Retail 2026, entre precios, turismo y eficiencia, el 2026 comenzó para el comercio minorista colombiano con señales mixtas, pero mayoritariamente positivas. Si bien el entorno económico continúa marcado por presiones inflacionarias, ajustes en el consumo y una sensibilidad creciente al precio por parte de los hogares, enero dejó un mensaje claro: el retail sigue mostrando capacidad de adaptación y resiliencia.
Los resultados del primer mes del año evidencian un tráfico estable frente a enero de 2025 y un crecimiento en ventas cercano al 10%. A primera vista, la cifra resulta alentadora. Sin embargo, al desagregar los componentes que explican este desempeño, se observa que el incremento estuvo impulsado en buena medida por el aumento de precios con un alza promedio del 6,5%, muy alineada con el IPC y por una mayor agresividad comercial en tienda.

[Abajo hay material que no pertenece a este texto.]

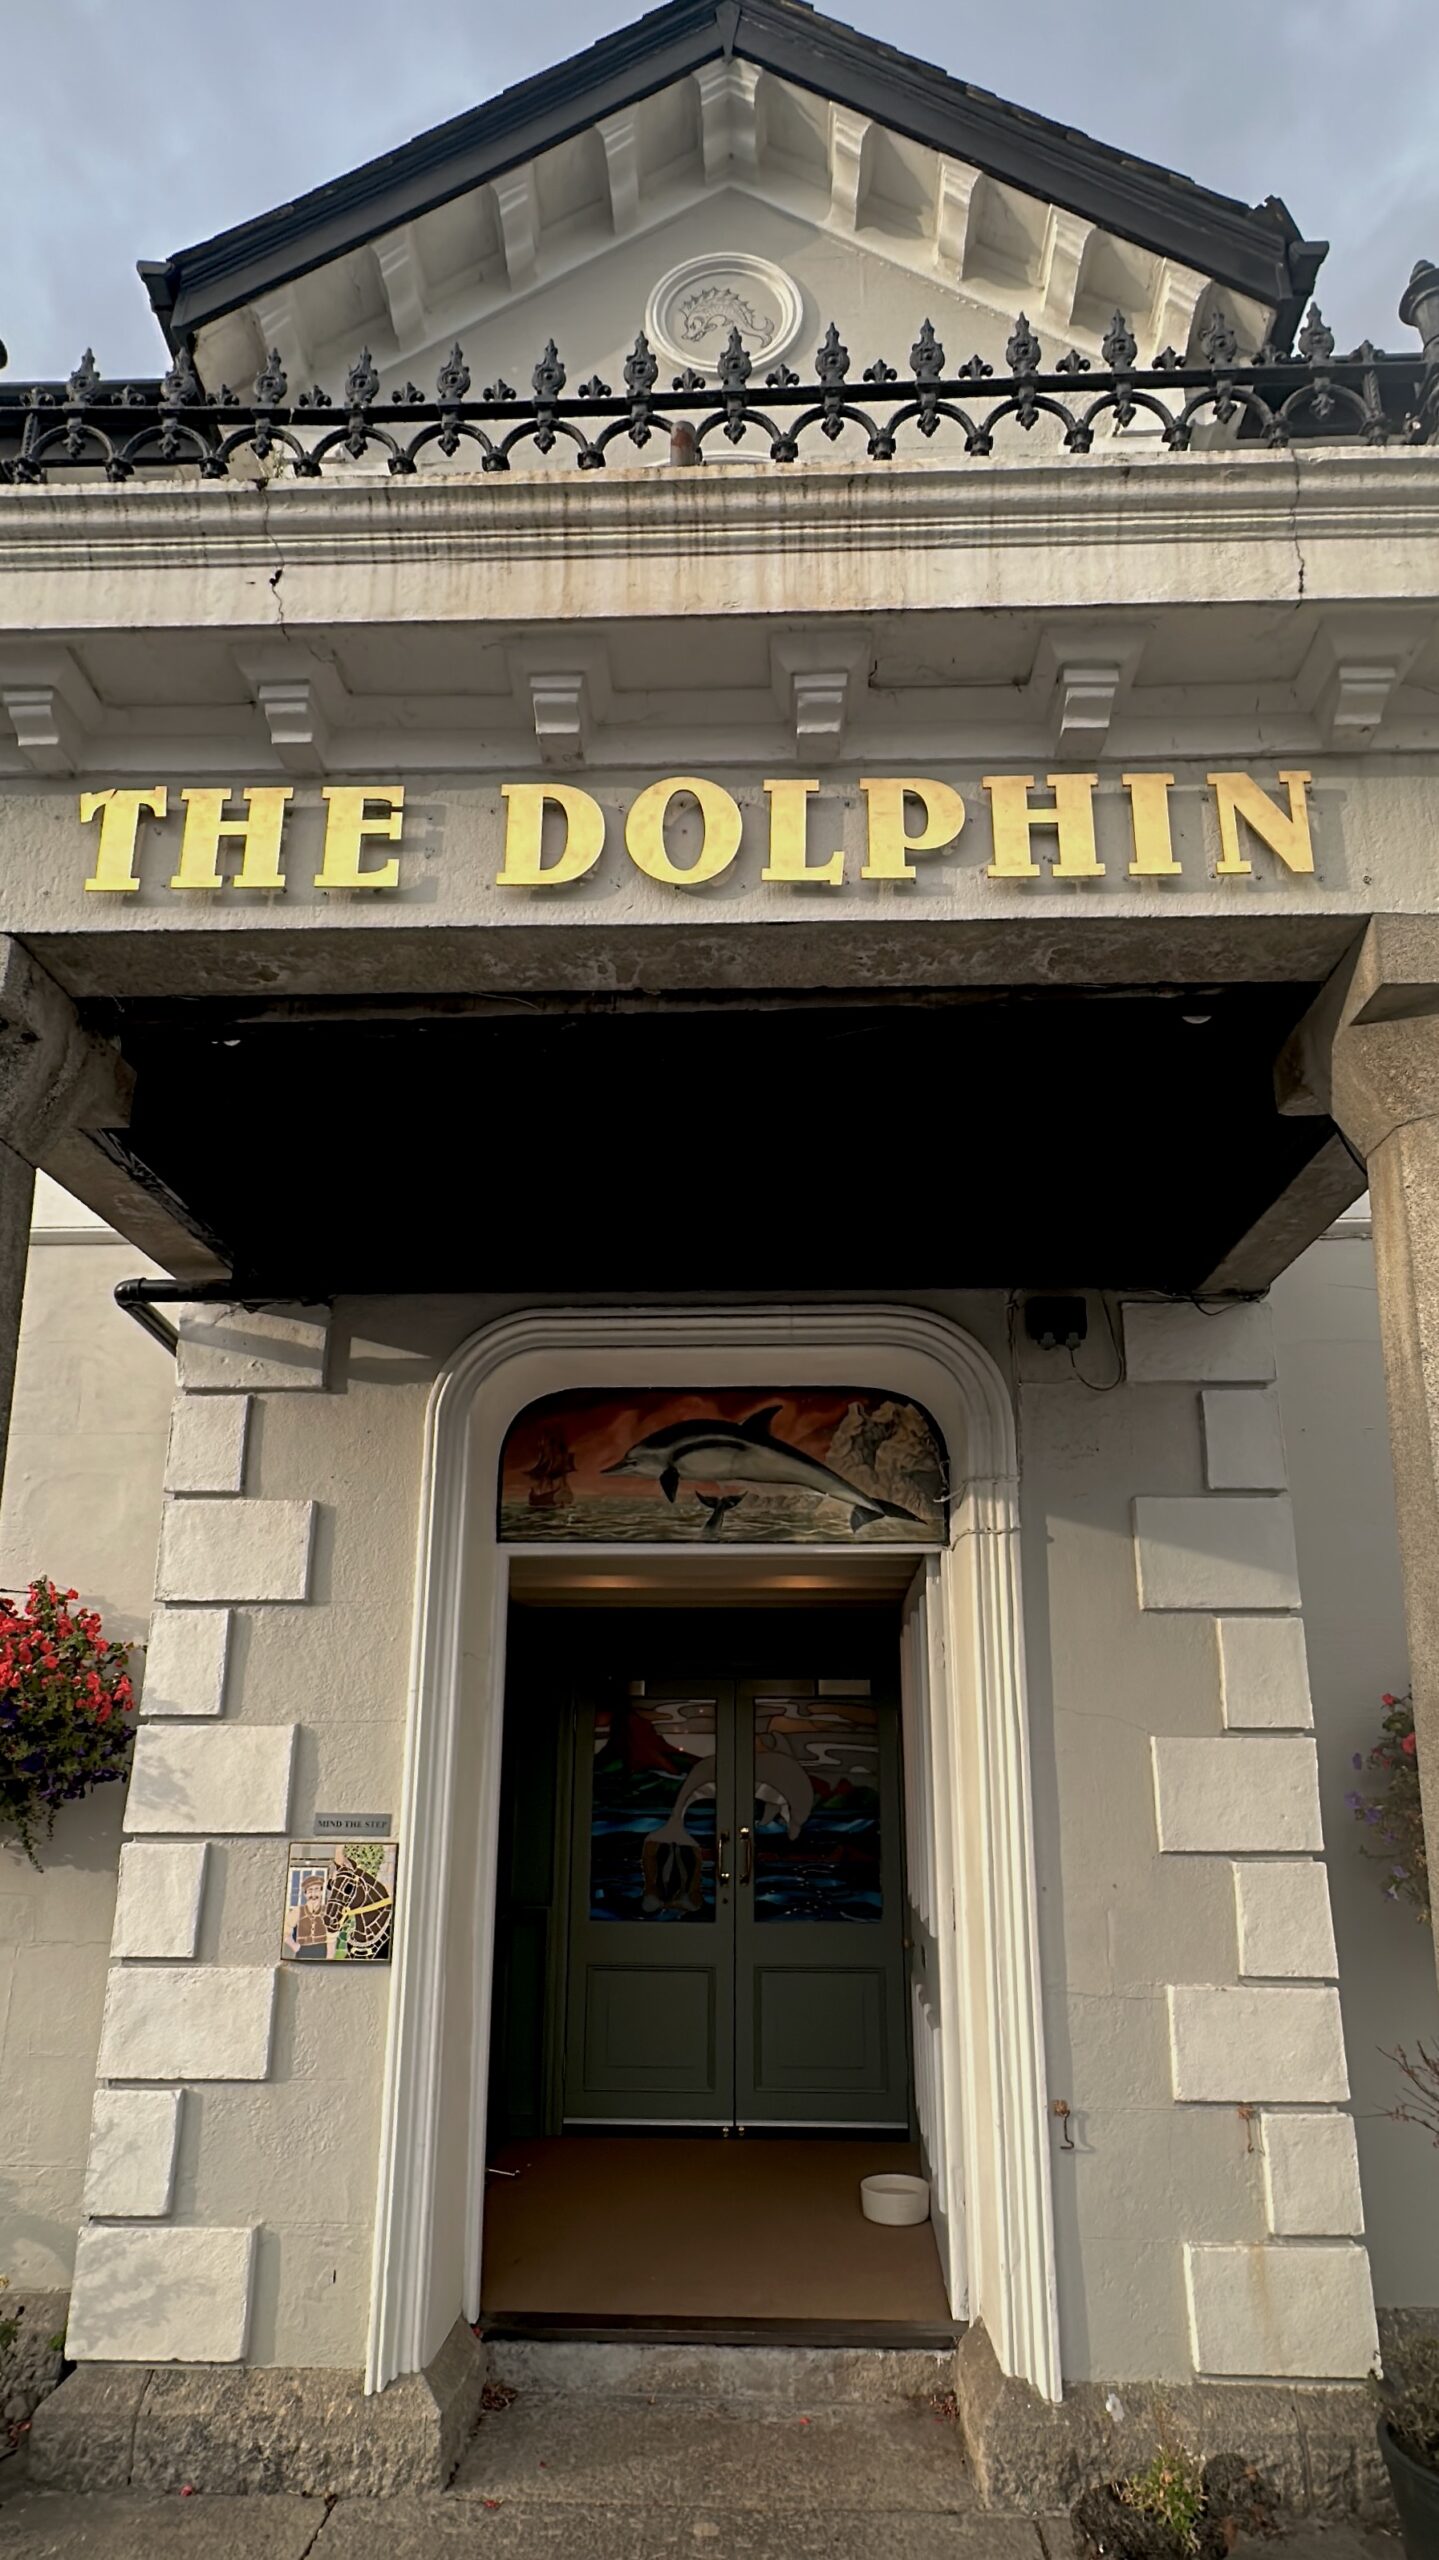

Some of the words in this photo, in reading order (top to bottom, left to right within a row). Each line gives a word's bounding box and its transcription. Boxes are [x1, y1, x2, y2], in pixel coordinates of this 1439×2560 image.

Este comportamiento replica lo ocurrido en 2025, cuando gran parte del crecimiento nominal estuvo explicado por ajustes en precios más que por un aumento significativo en las unidades vendidas. Así, el inicio de 2026 plantea un escenario en el que el dinamismo comercial convive con el reto estructural de proteger márgenes y sostener la rentabilidad en un consumidor más racional y selectivo.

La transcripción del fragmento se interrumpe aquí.